The only problem is, as Spiegel reports, that the car industry had a relatively good year in 2019 and wants to pay out dividends to its shareholders. Our take from the discussion is that pressure for subsidies is growing, especially from the big states with car plants, like Bavaria, Baden-Wuerttemberg and Lower Saxony. Angela Merkel is trying to kick that particular can down the road. Olaf Scholz is also sceptical. FAZ reports that their preference is another economy-wide stimulus in June. On this point, we agree. But we think some sort of a car scheme may still happen, given the German economy's dependence on this particular industry.

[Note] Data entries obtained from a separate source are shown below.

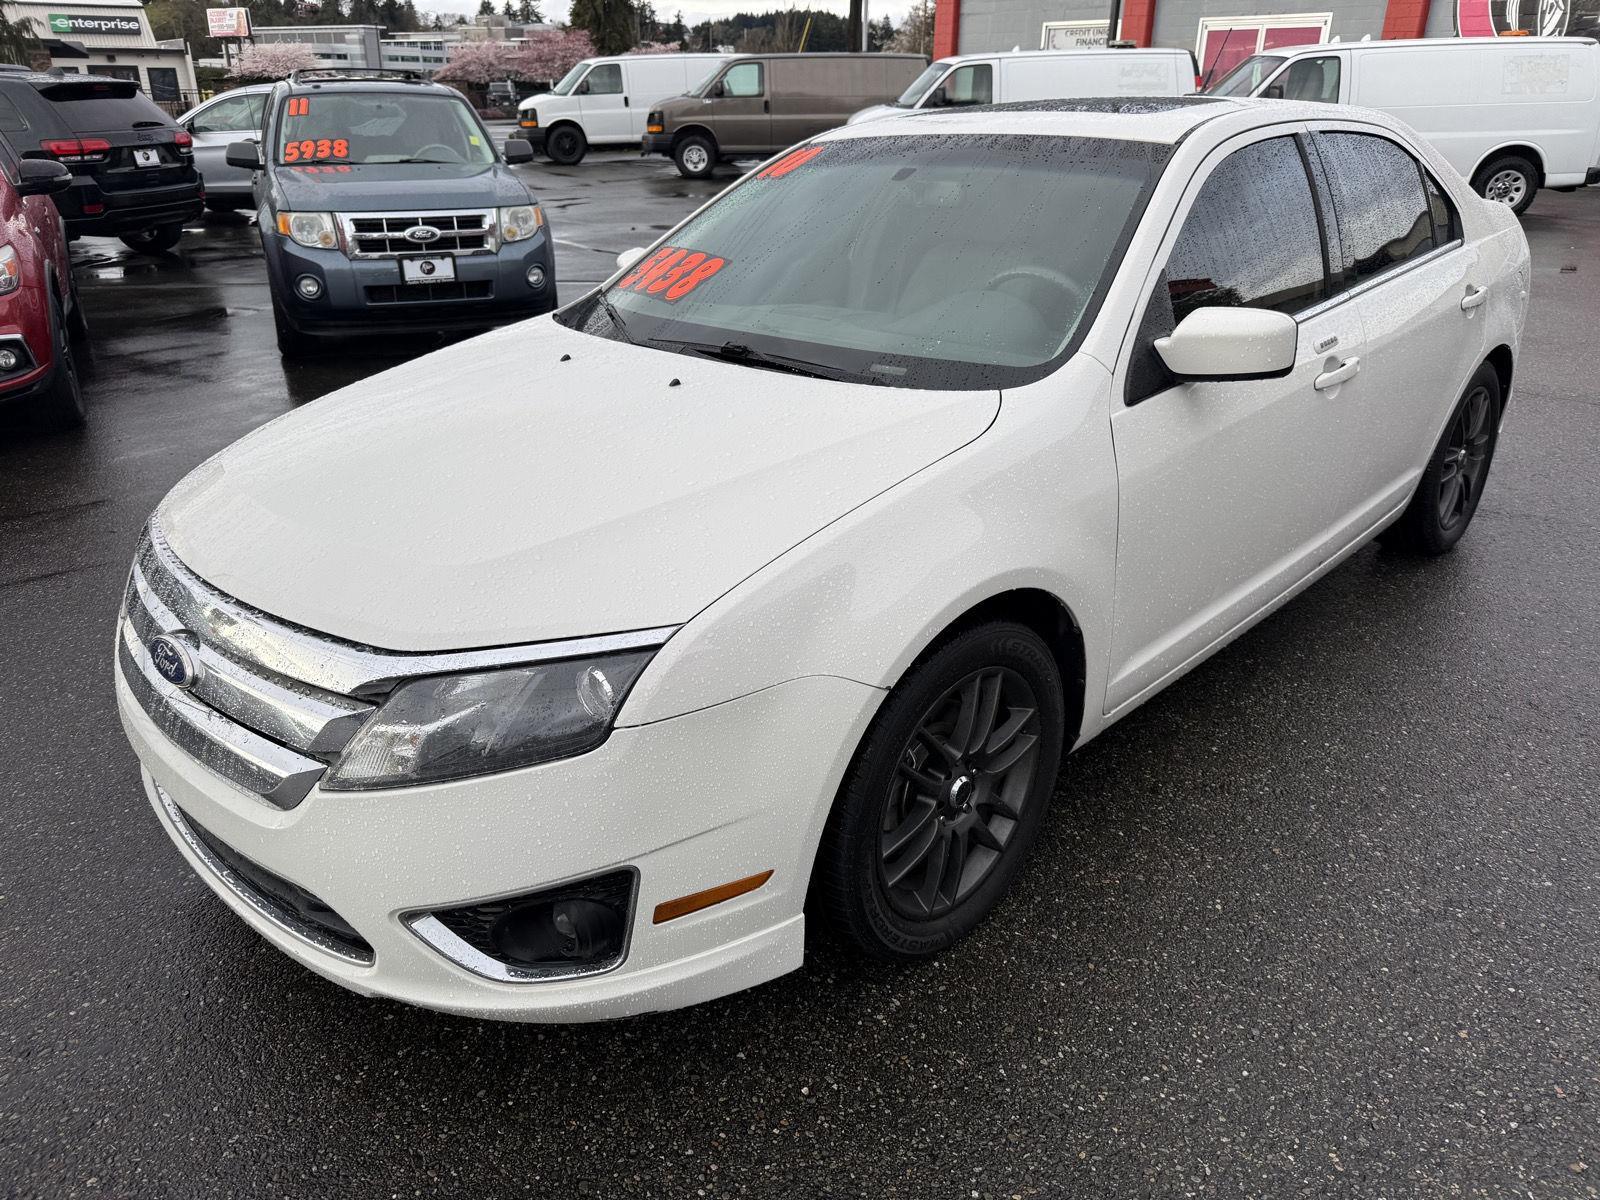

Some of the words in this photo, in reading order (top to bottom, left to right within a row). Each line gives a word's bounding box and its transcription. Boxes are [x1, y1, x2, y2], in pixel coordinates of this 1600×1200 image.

[52, 18, 139, 31] enterprise
[1065, 29, 1091, 37] CREDIT
[1076, 38, 1106, 47] FINANCI
[288, 97, 309, 116] 11
[284, 139, 349, 163] 5938
[154, 642, 179, 678] Ford
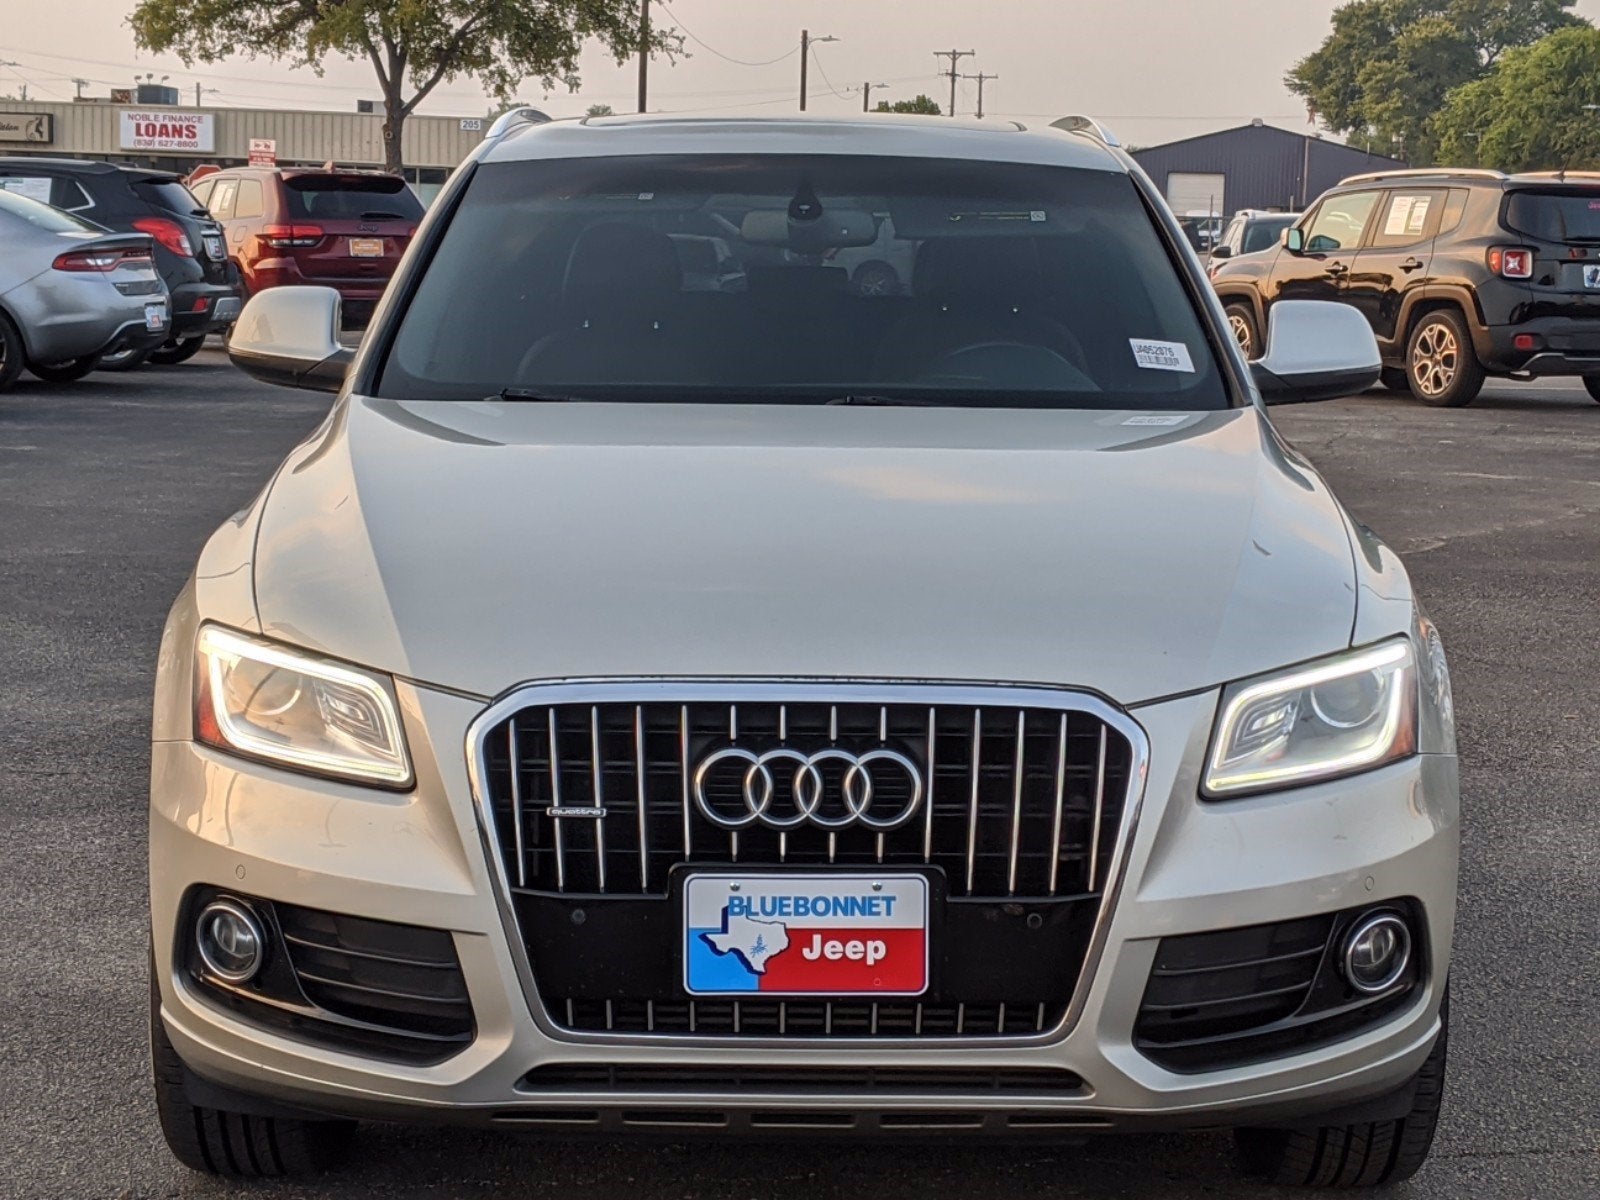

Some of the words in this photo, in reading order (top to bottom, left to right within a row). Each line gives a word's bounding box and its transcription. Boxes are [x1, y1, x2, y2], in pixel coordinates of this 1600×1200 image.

[128, 113, 160, 122] NOBLE
[163, 114, 204, 124] FINANCE
[462, 120, 480, 129] 205
[135, 122, 197, 139] LOANS
[551, 808, 602, 817] quattro
[727, 895, 897, 918] BLUEBONNET
[801, 934, 887, 966] Jeep
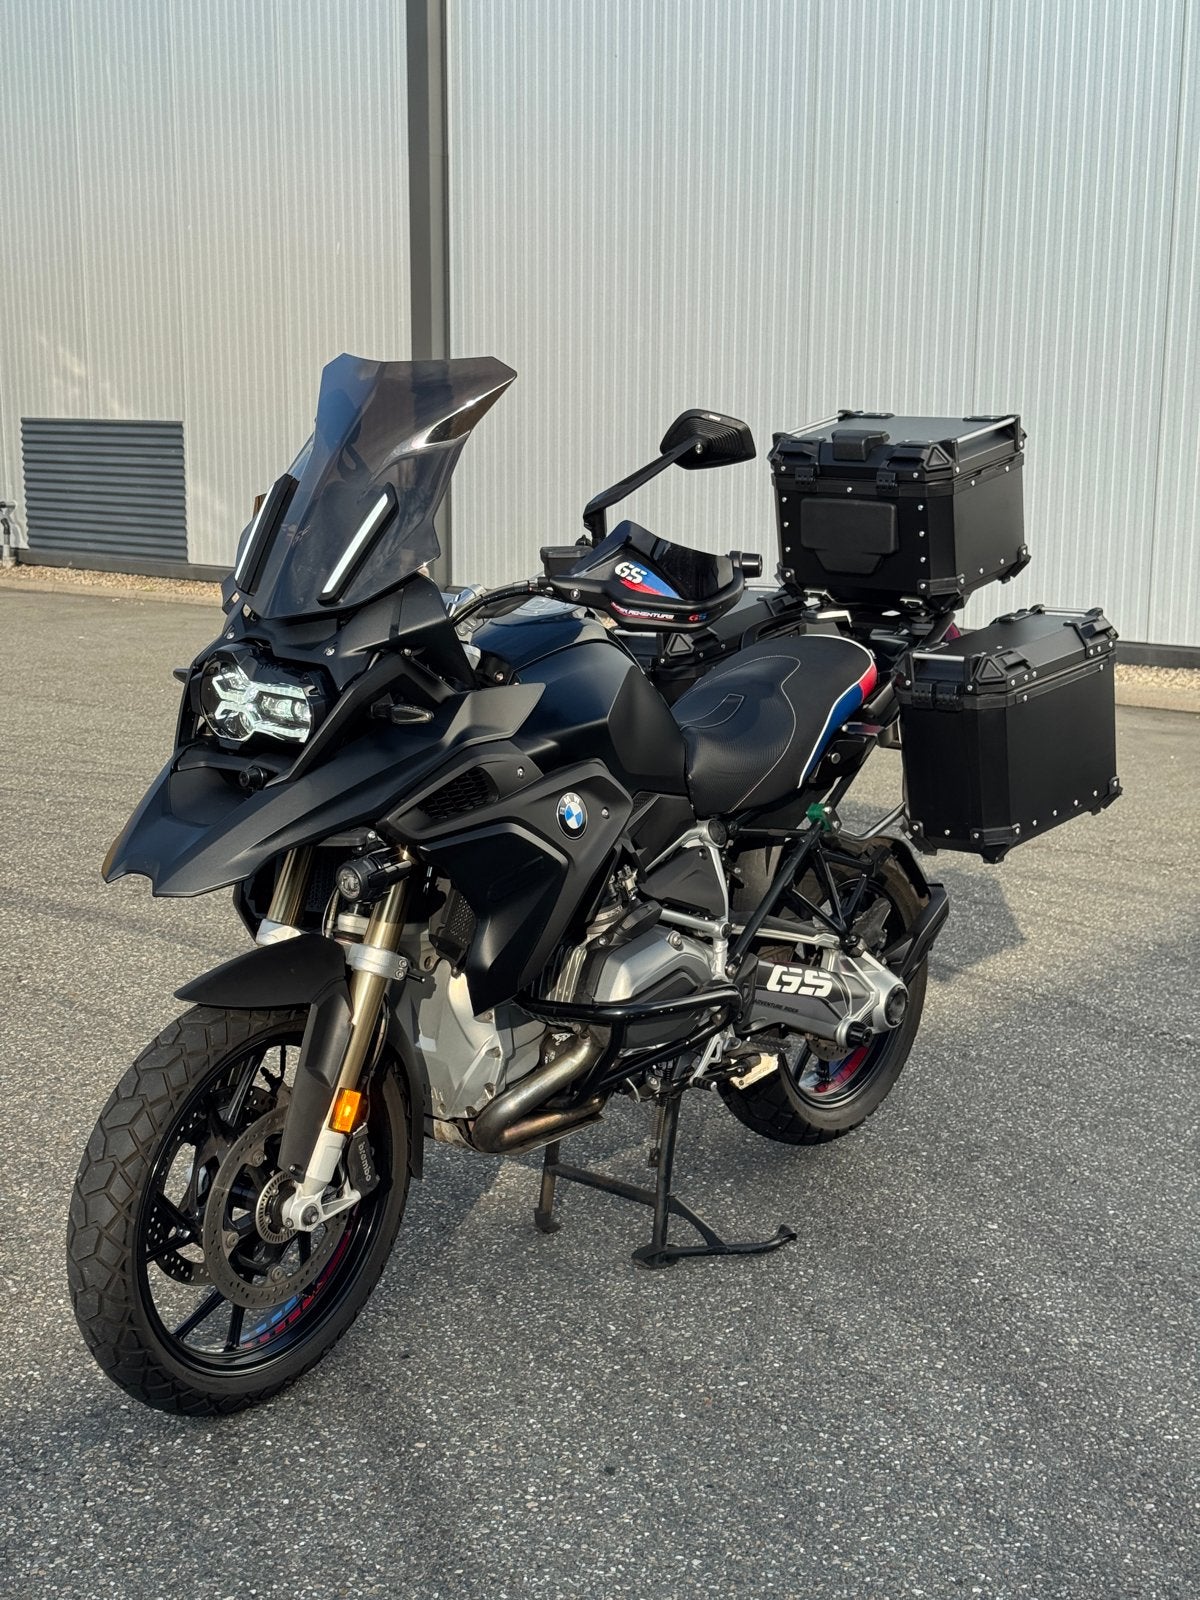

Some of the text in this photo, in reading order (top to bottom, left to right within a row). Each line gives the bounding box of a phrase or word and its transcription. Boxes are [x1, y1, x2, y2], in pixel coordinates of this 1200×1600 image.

[614, 562, 648, 584] GS
[628, 608, 676, 620] ADVENTURE
[766, 965, 833, 998] GS
[358, 1141, 372, 1182] brembo
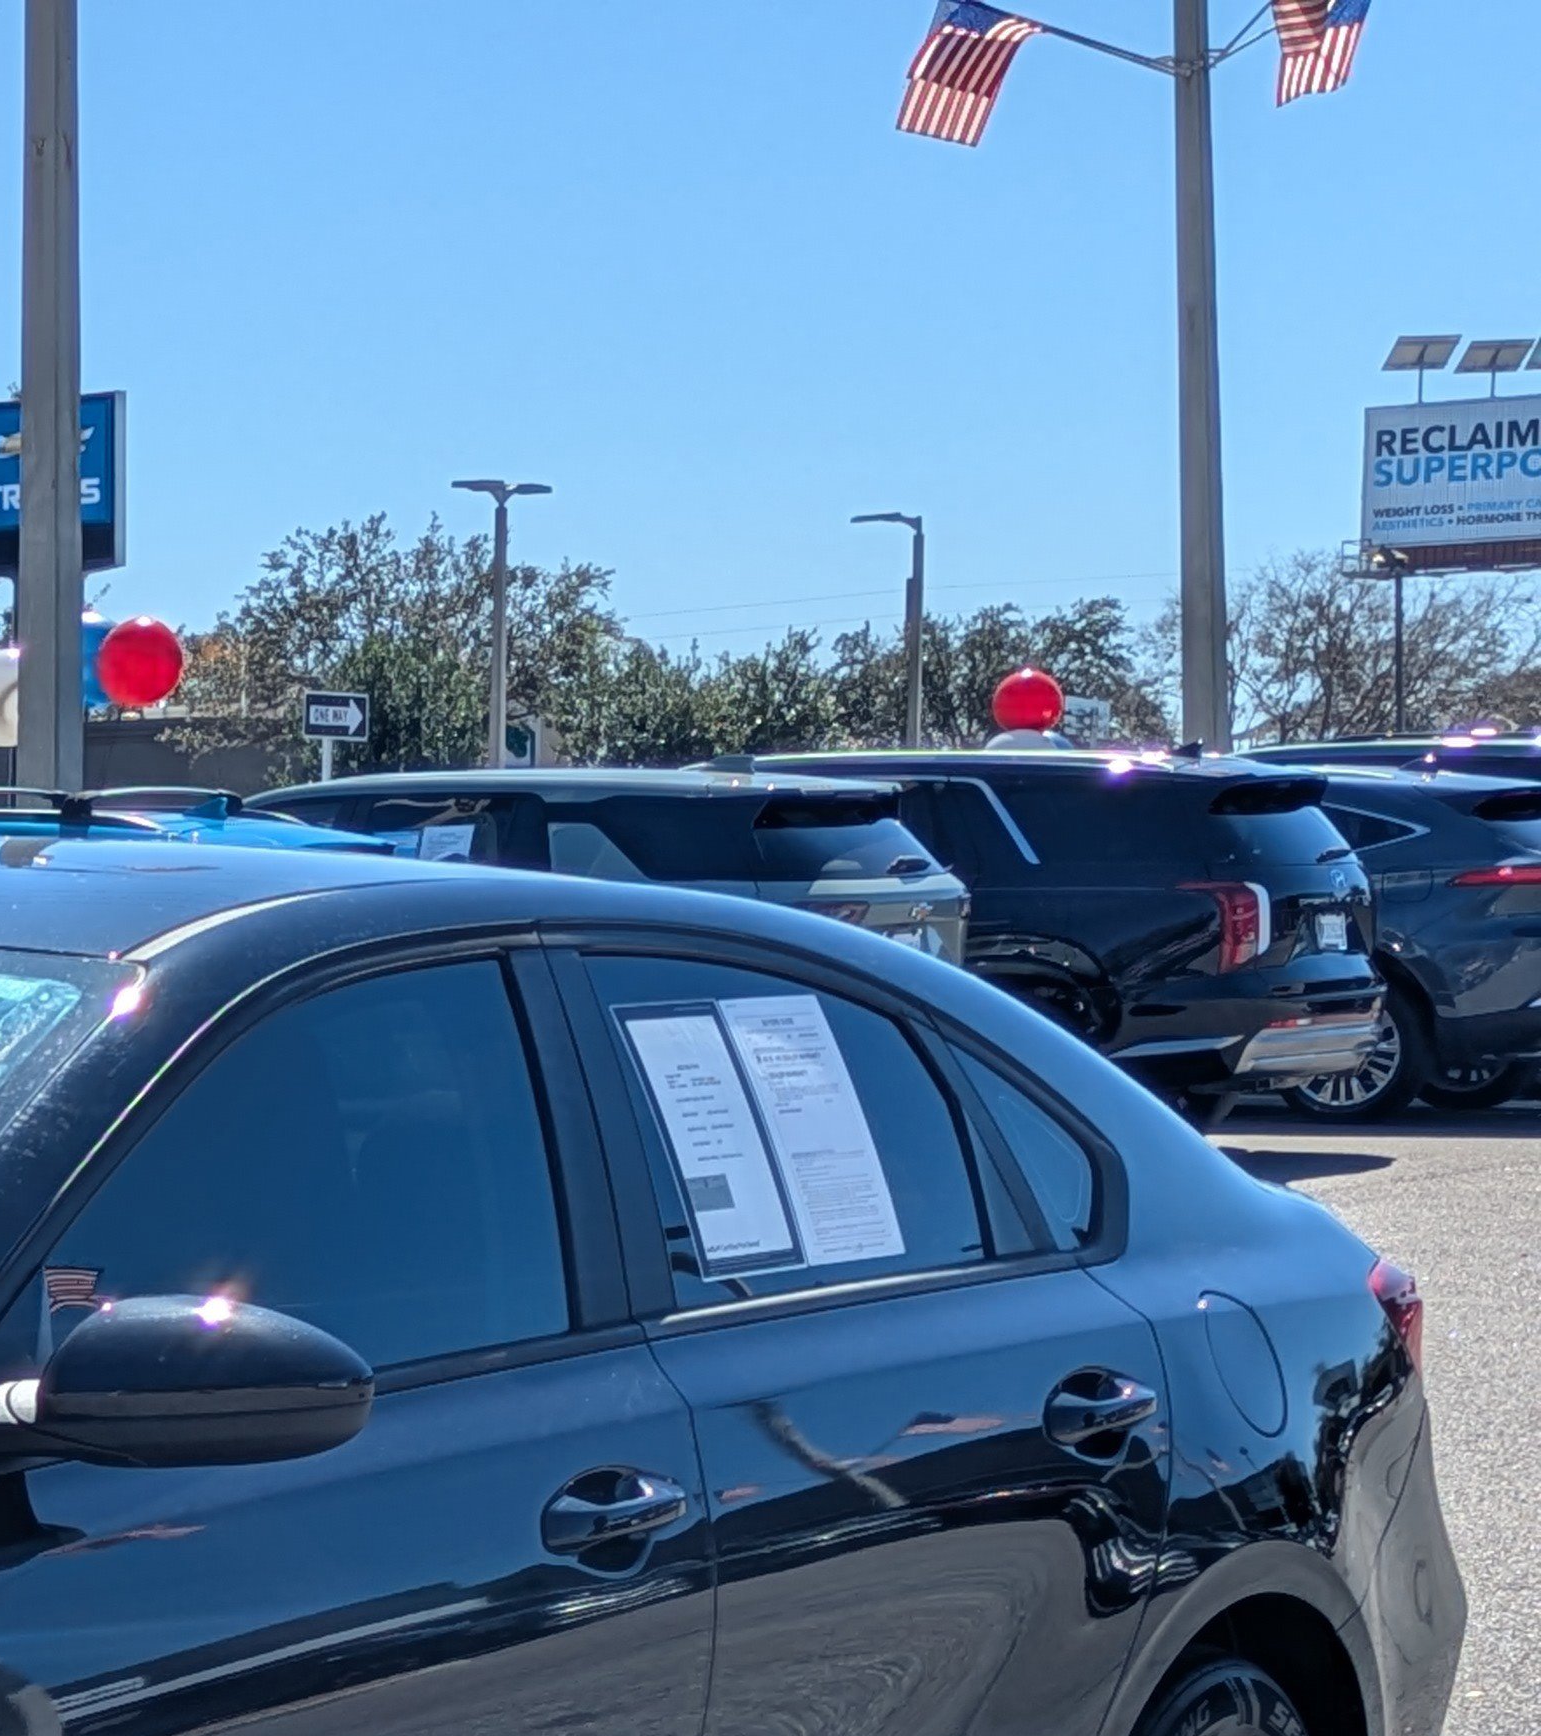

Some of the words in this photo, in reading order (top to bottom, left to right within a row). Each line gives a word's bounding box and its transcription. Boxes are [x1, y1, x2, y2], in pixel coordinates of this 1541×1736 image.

The discussions were originally only about electric cars. But the German government then realised that this would not be much of a subsidy for the domestic industry, which is struggling with this technology. The order of magnitude under discussion now is €4000 for electrical cars, and €3000 for fuel-driven ones. But the second-hand car market is already swamped with diesel cars, which look a lot more attractive now after the collapse in the oil price. The problem is that new fuel-powered cars lose value at a brisk rate these days. A price discount of €3000 would help, but experience shows that it will be partly offset by lower discounts from car makers. Spiegel reports this morning that Merkel's industry advisers, normally sympathetic to the car industry, are struggling to see a positive economic effect from the scheme.
We would add that a cash subsidy would make more sense at the EU level. But we too share the scepticism about the impact of a such a scheme at a time of fast technological change. A €4000 subsidy for a Tesla and a €3000 subsidy for a BMW might tilt demand in favour of the US car. A cash-for-clunkers scheme might thus end up distorting the German market in unintended ways.